*Goal of the exercise*
Print, word for word, the line containing "this 1920×1080 image." and all lines beneath it to the end of the entries below. Pictures do not belong in the copy.

[Dataset entries]
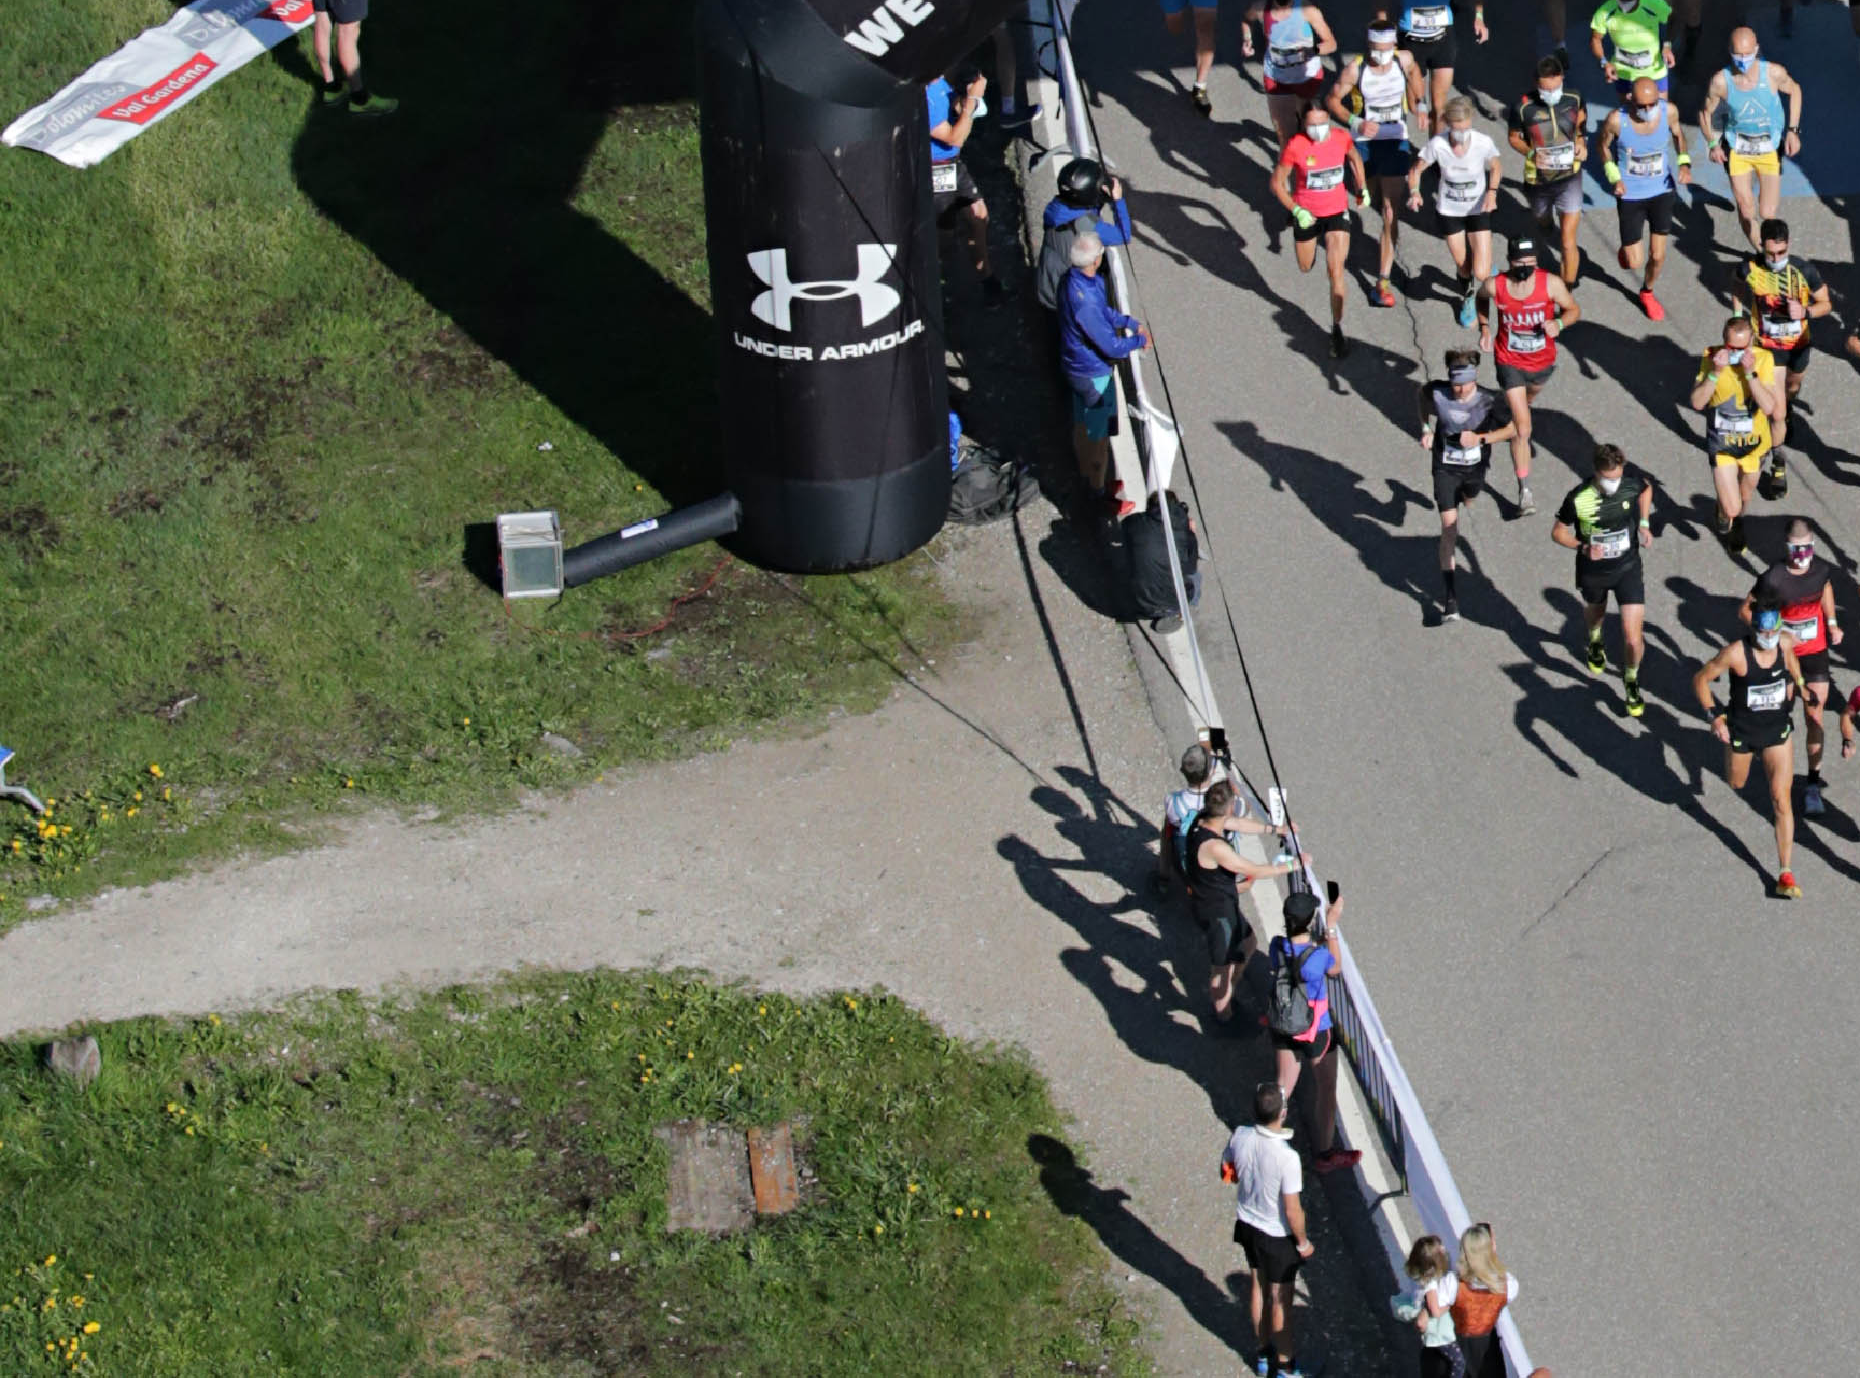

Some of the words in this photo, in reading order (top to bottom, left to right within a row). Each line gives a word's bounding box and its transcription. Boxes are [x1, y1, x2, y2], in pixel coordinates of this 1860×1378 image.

[113, 99, 143, 123] Val
[141, 59, 208, 107] Gardena
[733, 331, 814, 361] UNDER
[819, 318, 924, 361] ARMOUR
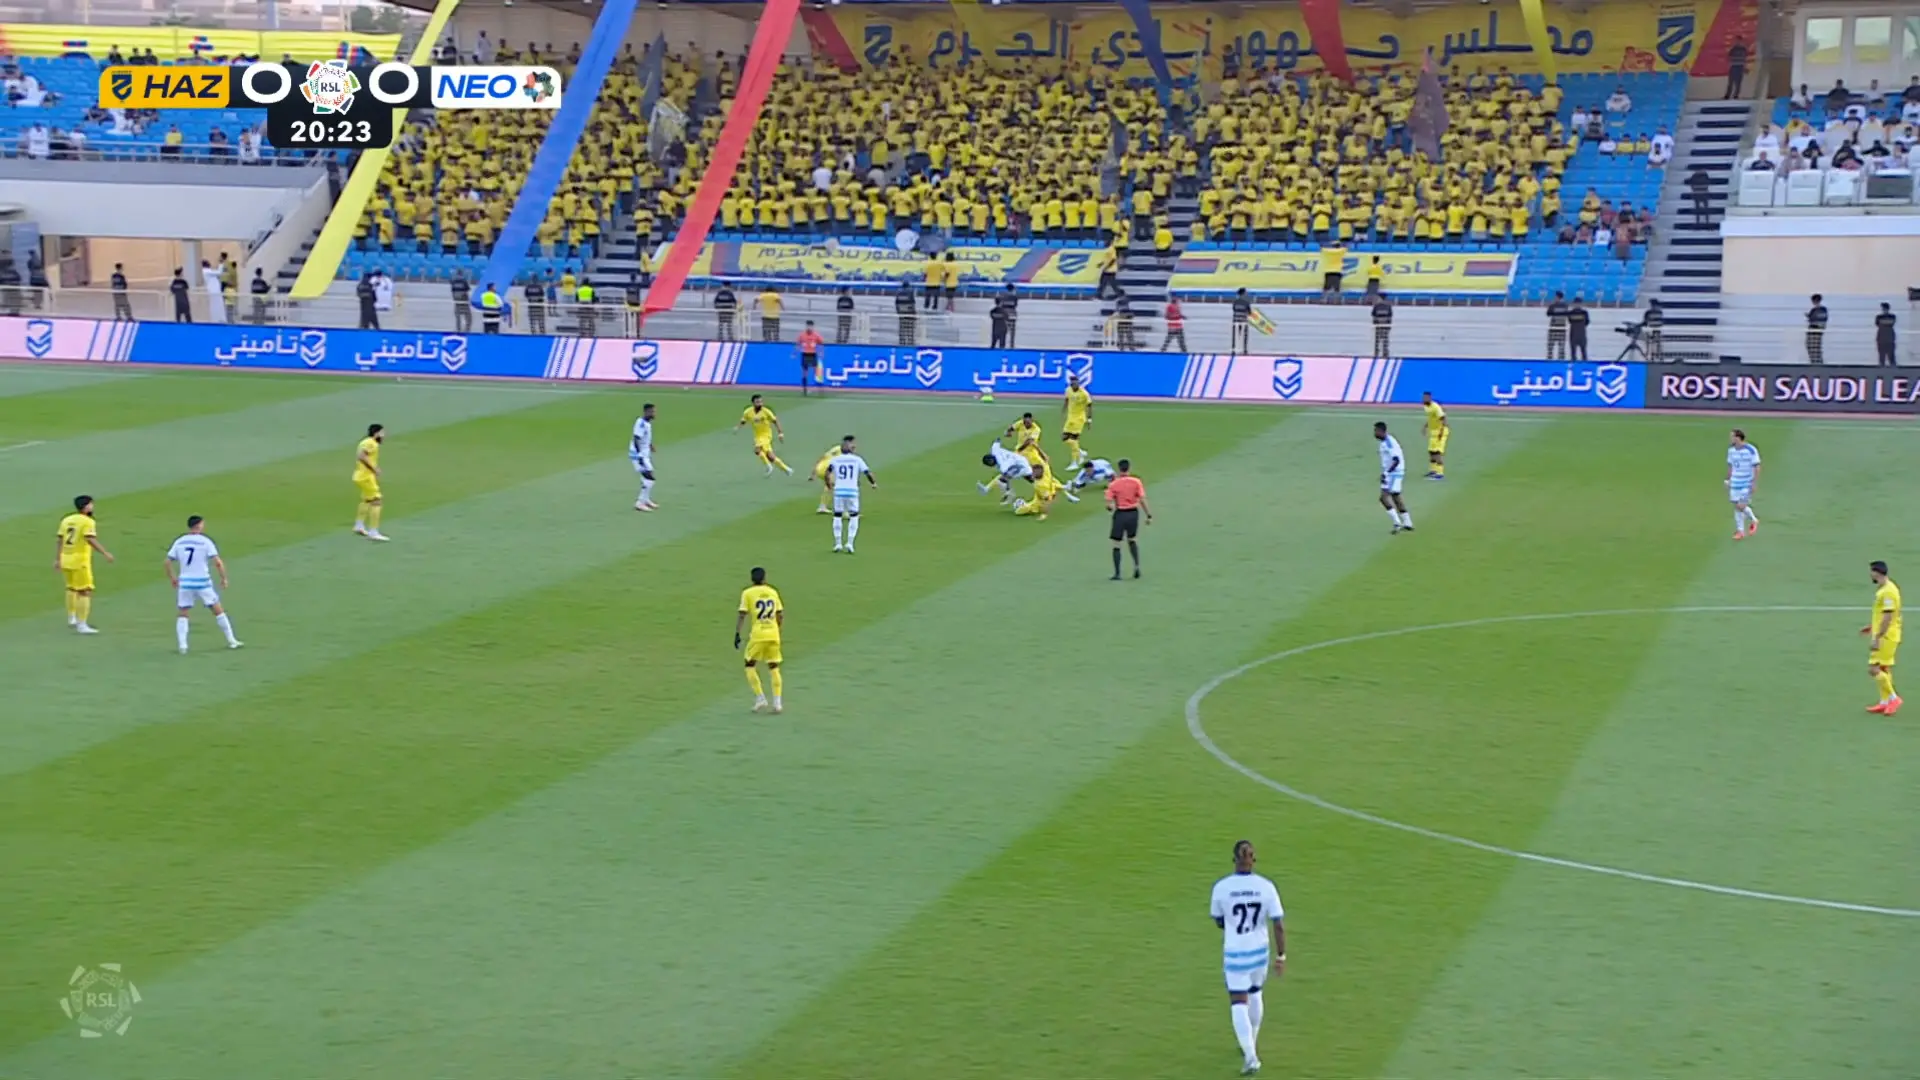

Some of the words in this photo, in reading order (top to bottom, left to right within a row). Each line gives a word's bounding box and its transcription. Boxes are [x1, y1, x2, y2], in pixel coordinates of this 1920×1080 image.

[1234, 29, 1399, 70] جهور
[214, 328, 299, 366] تأميني
[354, 334, 439, 371] تأميني
[825, 349, 914, 386] تأميني
[1491, 363, 1593, 405] تأميني
[1661, 374, 1766, 401] ROSHN
[1774, 376, 1866, 401] SAUDI
[838, 464, 854, 480] 91
[65, 527, 76, 546] 2
[184, 547, 196, 566] 7
[755, 599, 775, 620] 22
[1232, 901, 1262, 935] 27
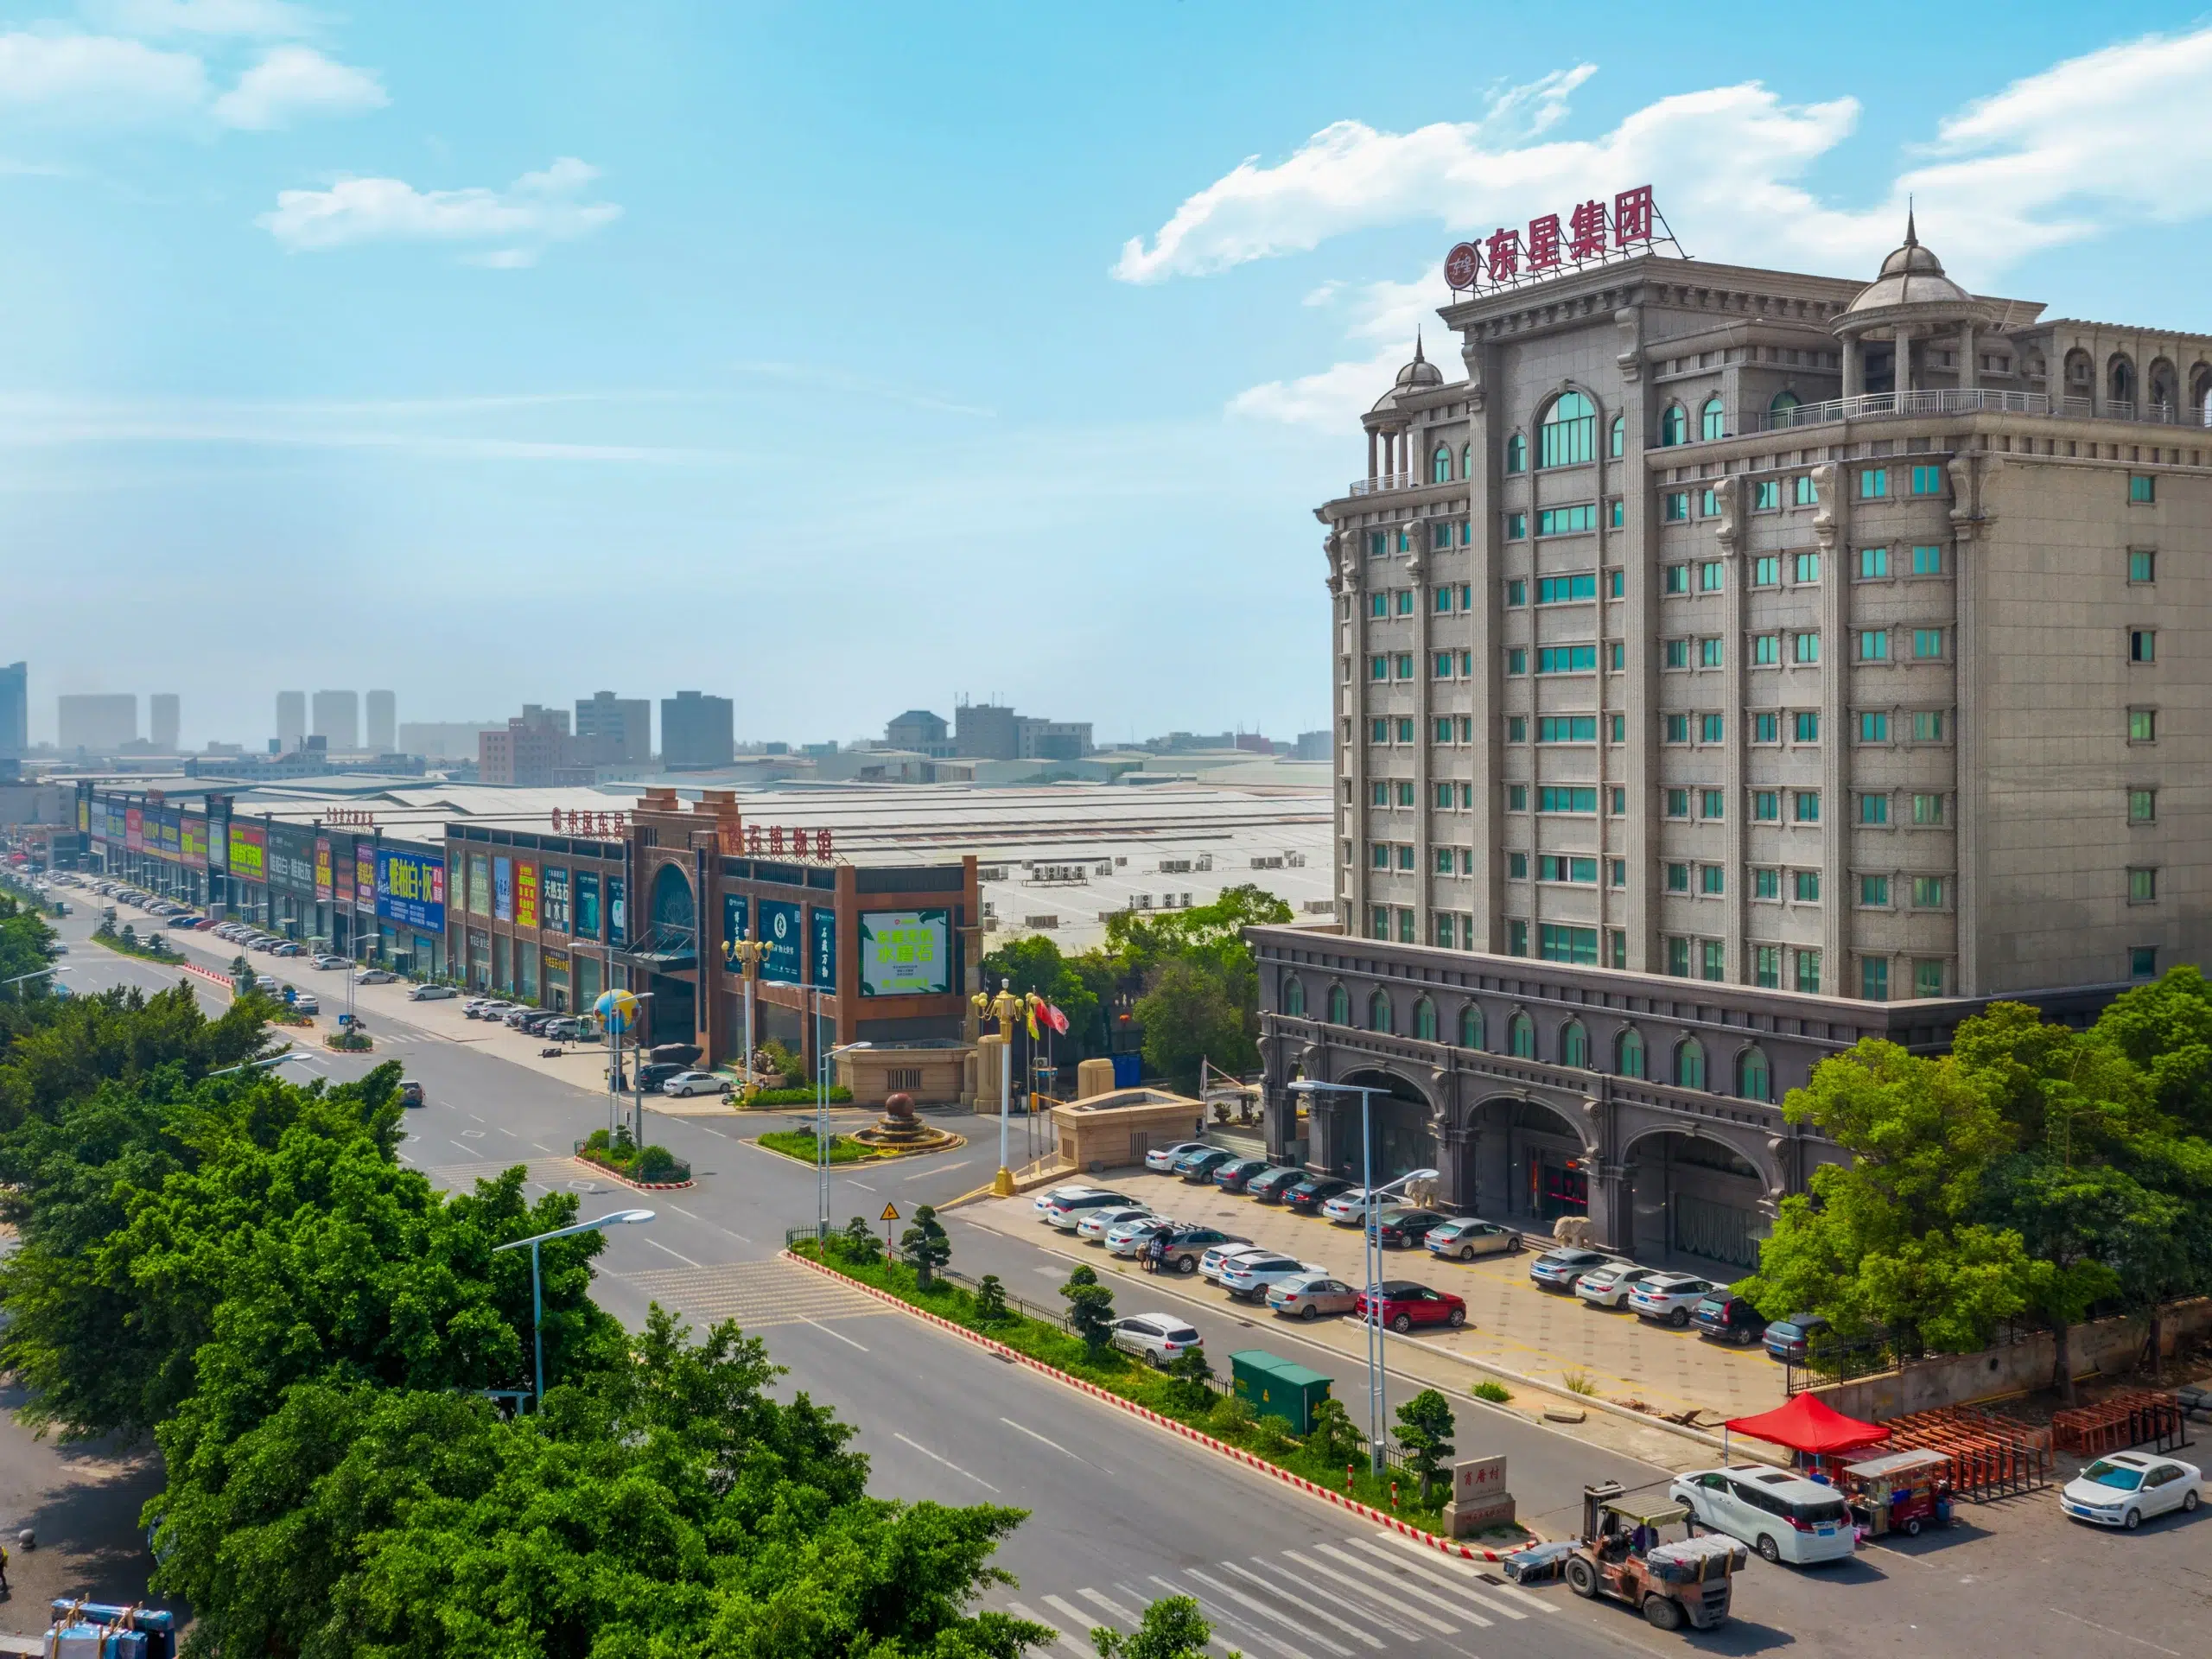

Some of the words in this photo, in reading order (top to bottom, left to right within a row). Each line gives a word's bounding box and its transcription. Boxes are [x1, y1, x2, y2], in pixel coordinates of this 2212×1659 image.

*Task response*
Some of the words in this photo, in reading order (top to bottom, left to right within a row). Each line gives a word's bounding box and its transcription. Boxes are [x1, y1, x2, y2], in pixel coordinates of this 1920×1080 image.

[1234, 29, 1399, 70] جهور
[214, 328, 299, 366] تأميني
[354, 334, 439, 371] تأميني
[825, 349, 914, 386] تأميني
[1491, 363, 1593, 405] تأميني
[1661, 374, 1766, 401] ROSHN
[1774, 376, 1866, 401] SAUDI
[838, 464, 854, 480] 91
[65, 527, 76, 546] 2
[184, 547, 196, 566] 7
[755, 599, 775, 620] 22
[1232, 901, 1262, 935] 27

Some of the words in this photo, in reading order (top to bottom, left to right within a row). Each line gives a word's bounding box and its transcription. Boxes are [x1, y1, x2, y2], in pixel coordinates of this 2212×1659 image.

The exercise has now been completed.